Two Bergamo-based manufacturers, RadiciGroup and Acerbis, have launched an innovative project, an absolute first in the e-bike market, arising from their desire to create high performance design solutions: specifically, a rear swing arm for electric bikes, for the first time made of polyamide rather than aluminium, allowing the rear triangle to better absorb the stress from uneven terrain. The first company to use this innovative part, the result of painstaking research and development work, is Fantic, an Italian manufacturer specializing in the production of motorbikes and electric bikes.

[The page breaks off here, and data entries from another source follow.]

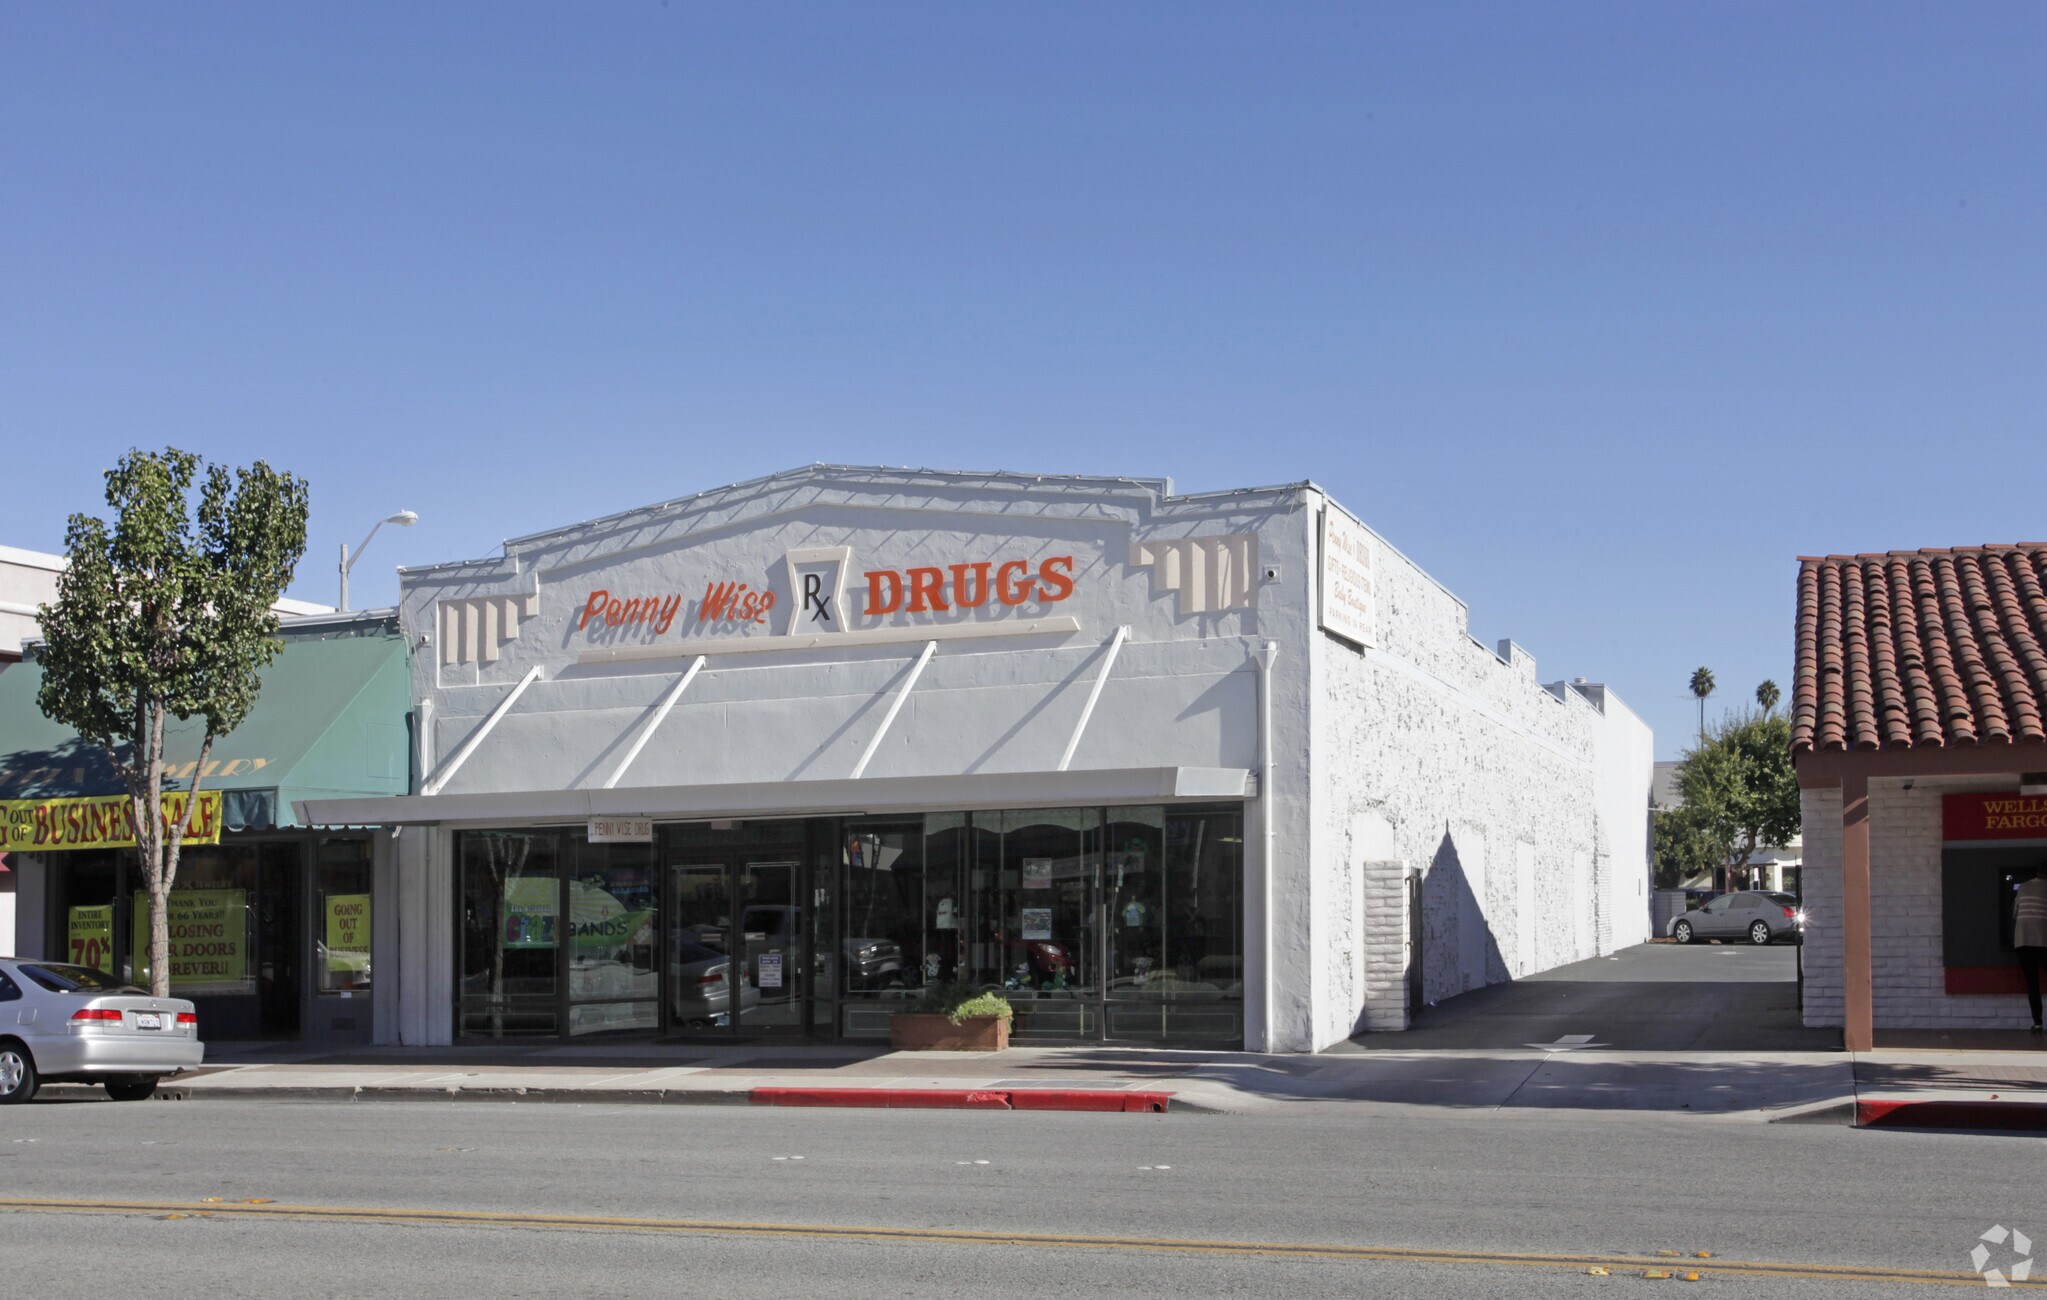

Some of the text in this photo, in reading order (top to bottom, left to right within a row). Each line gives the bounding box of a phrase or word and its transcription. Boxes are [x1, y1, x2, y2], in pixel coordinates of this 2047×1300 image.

[863, 556, 1074, 615] DRUGS
[579, 581, 776, 635] Penny Wise
[10, 809, 35, 825] OUT
[32, 799, 149, 846] BUSINES
[11, 826, 28, 842] OF
[78, 910, 102, 919] ENTIRE
[177, 912, 190, 920] 66
[334, 903, 363, 916] GOING
[71, 920, 110, 930] INVENTORY
[168, 924, 225, 939] LOSING
[339, 918, 358, 930] OUT
[569, 921, 628, 937] BANDS
[343, 932, 354, 944] OF
[183, 942, 236, 957] DOORS
[168, 961, 229, 977] REVER!!

Fantic decided to mount the new rear swing arm on several models of its Trail and Enduro lines that were previewed at Eicma 2022 and are now already in production and available for purchase.

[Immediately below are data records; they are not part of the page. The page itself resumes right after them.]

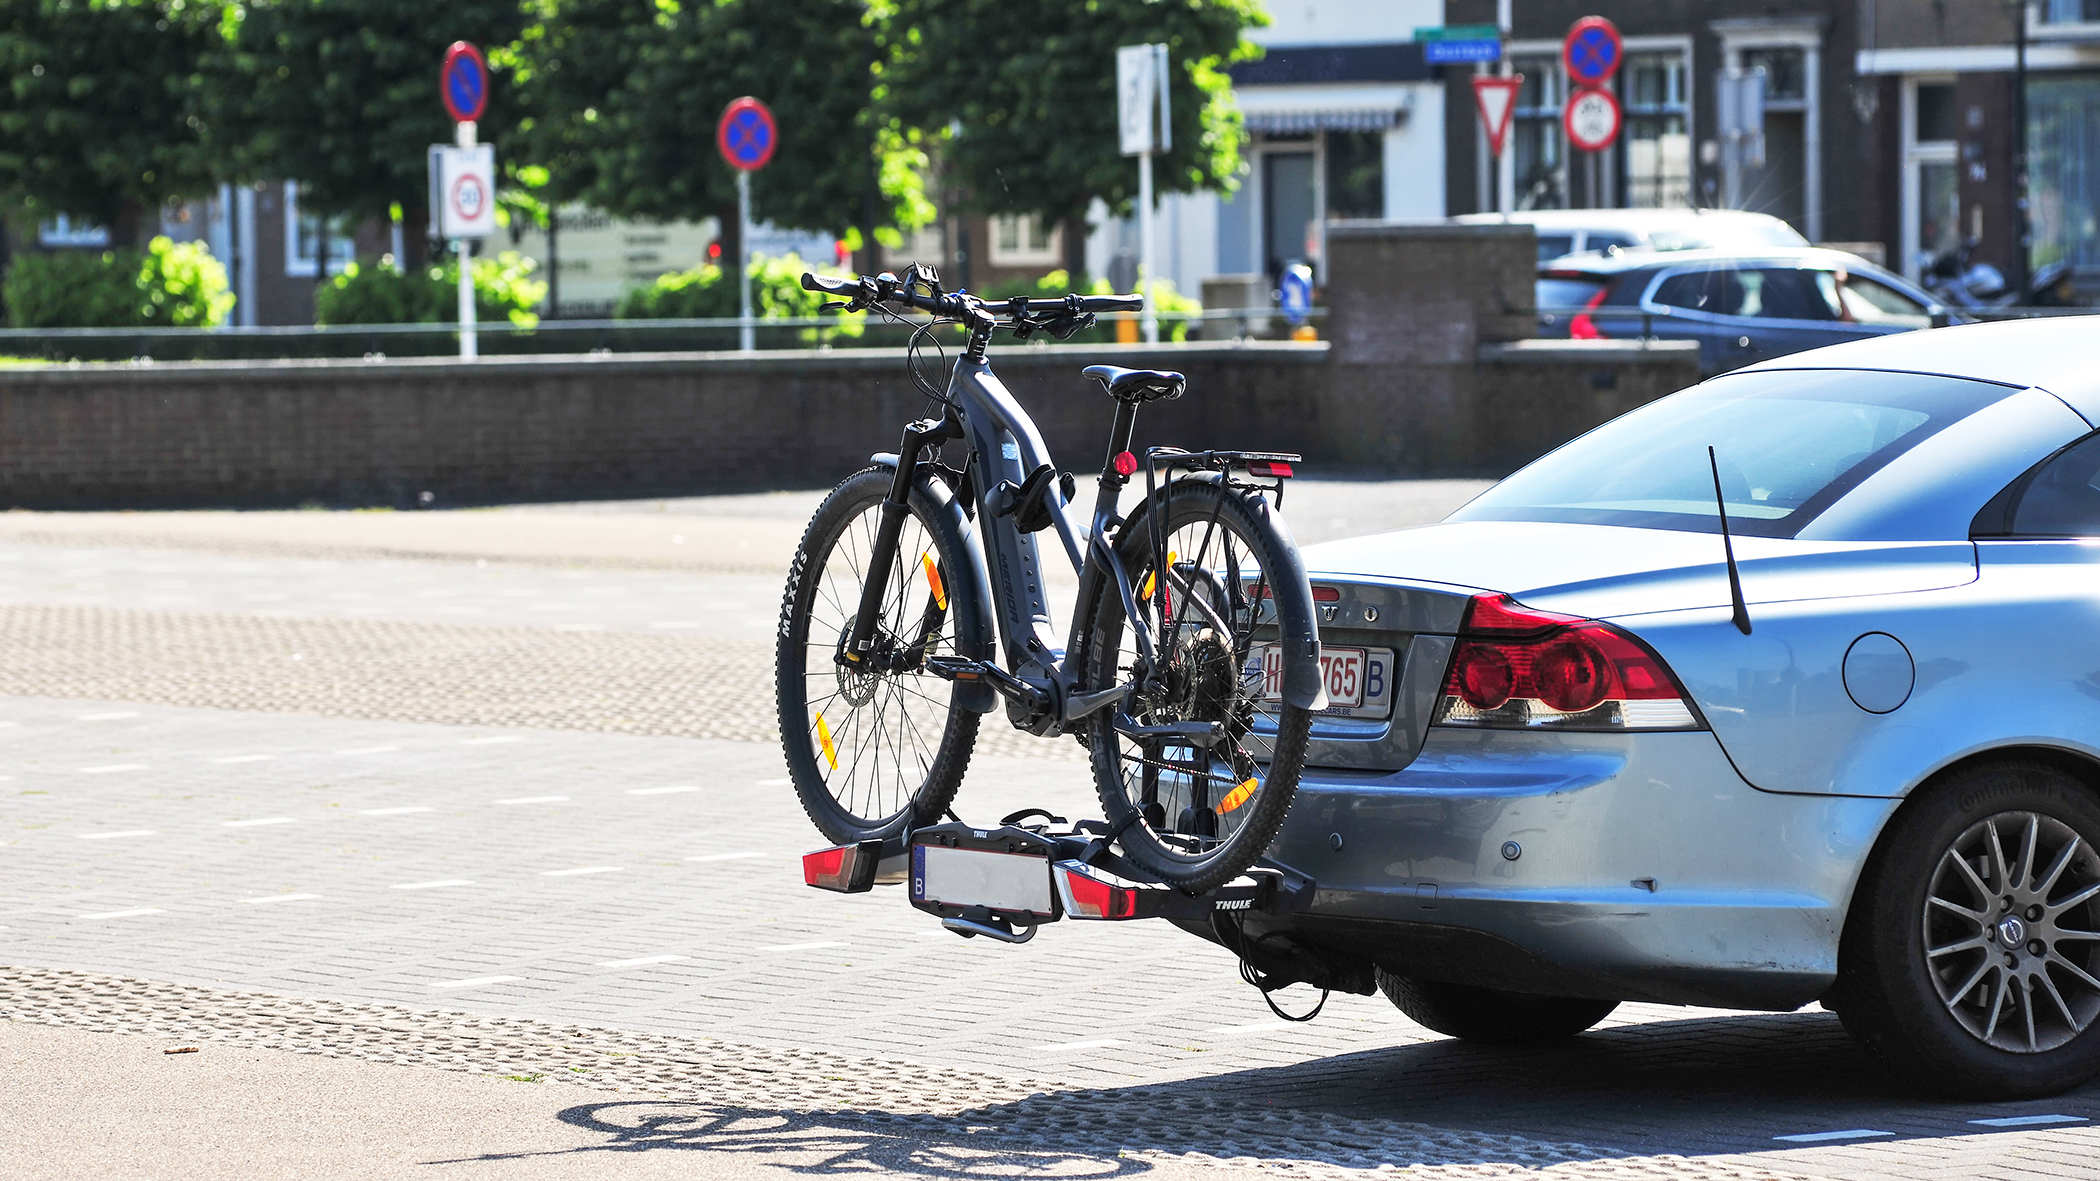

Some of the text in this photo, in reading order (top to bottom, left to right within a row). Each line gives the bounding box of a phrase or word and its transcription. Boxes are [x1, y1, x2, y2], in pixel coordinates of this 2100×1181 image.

[782, 550, 808, 638] MAXXIS
[1001, 552, 1019, 625] MERIDA
[1366, 660, 1384, 698] B
[973, 830, 988, 839] THULE
[915, 877, 923, 895] B
[1215, 899, 1252, 910] THULE

“Since we are dealing with a structural component of the bike frame,” said Claudio Ghilardi, CAE analyst of RadiciGroup High Performance Polymers Marketing and Technical Service, “we have chosen a polyamide 66-based specialty material reinforced with glass fibre, precisely to ensure that the part can hold up under the continuous high stress it is subjected to. An additional plus is that the mechanical properties of the selected material, such as stiffness and strength, are less affected by moisture absorption. At the same time, great attention has also been paid to aesthetics in formulating the material, so much so that it guarantees excellent surface appearance, is UV-stabilized and withstands weathering over time”.
Using the RadiciGroup compound enables a 10% weight reduction in the part and eliminates the painting process currently used for the corresponding metal component, thus improving environmental performance, as well. RadiciGroup engineering polymers are solution-dyed, that is, they are coloured during the extrusion process. This means that the part is already ready to use at the end of the injection moulding phase with an excellent surface finish. Indeed, among the main requirements for the material were excellent surface appearance and the ability to produce complex geometries, in line with the design and style of Fantic products.
Achieving this result was made possible by close collaboration among RadiciGroup, Acerbisand Fantic through all stages of the project, from the design of the part to the formulation of the material, the creation of the mould and the injection moulding process, down to the testing of the component mounted on an e-bike. This fast, all Italian supply chain delivered a product that was able to pass the stringent tests carried out at the customer's laboratories by a ten-fold margin over the initial requirements.
“For us, this partnership among Italian companies,” Guido Acerbis, CEO of Acerbis, emphasized, “represents a step towards a new way of thinking about production shared with our partners, which will allow us to accelerate some production reshoring to Europe. The project gave us the opportunity to replace a metal part with a nylon one by re-engineering it and improving its function. Furthermore, by simplifying and shortening production time, we increased the volume of products brought to market in a short time”.
For this project, RadiciGroup deployed its “Engineering Service”, which uses numerical computer simulation (CAE) to predict the behaviour of materials during the moulding process and the mechanical response of parts already in the very early stages of development, so as to make it possible to optimize their geometry and technical performance. This tool also draws on the skills and experience of RadiciGroup specialists to contribute to the success of innovative projects, including metal replacement projects. The advantages of implementing metal replacement include fewer processing steps, less energy-intensive production processes, lighter weight products and lower transport costs, all of which lead to a reduction in overall CO2 equivalent emissions.
Hence, the new innovative rear swing arm contributes to lowering the environmental impact of an e-bike and can be recovered and mechanically recycled at the end of its useful life. In fact, this bike part was the result of applying eco-design principles to fuel a virtuous system of polyamide recycling towards the realization of a circular economy.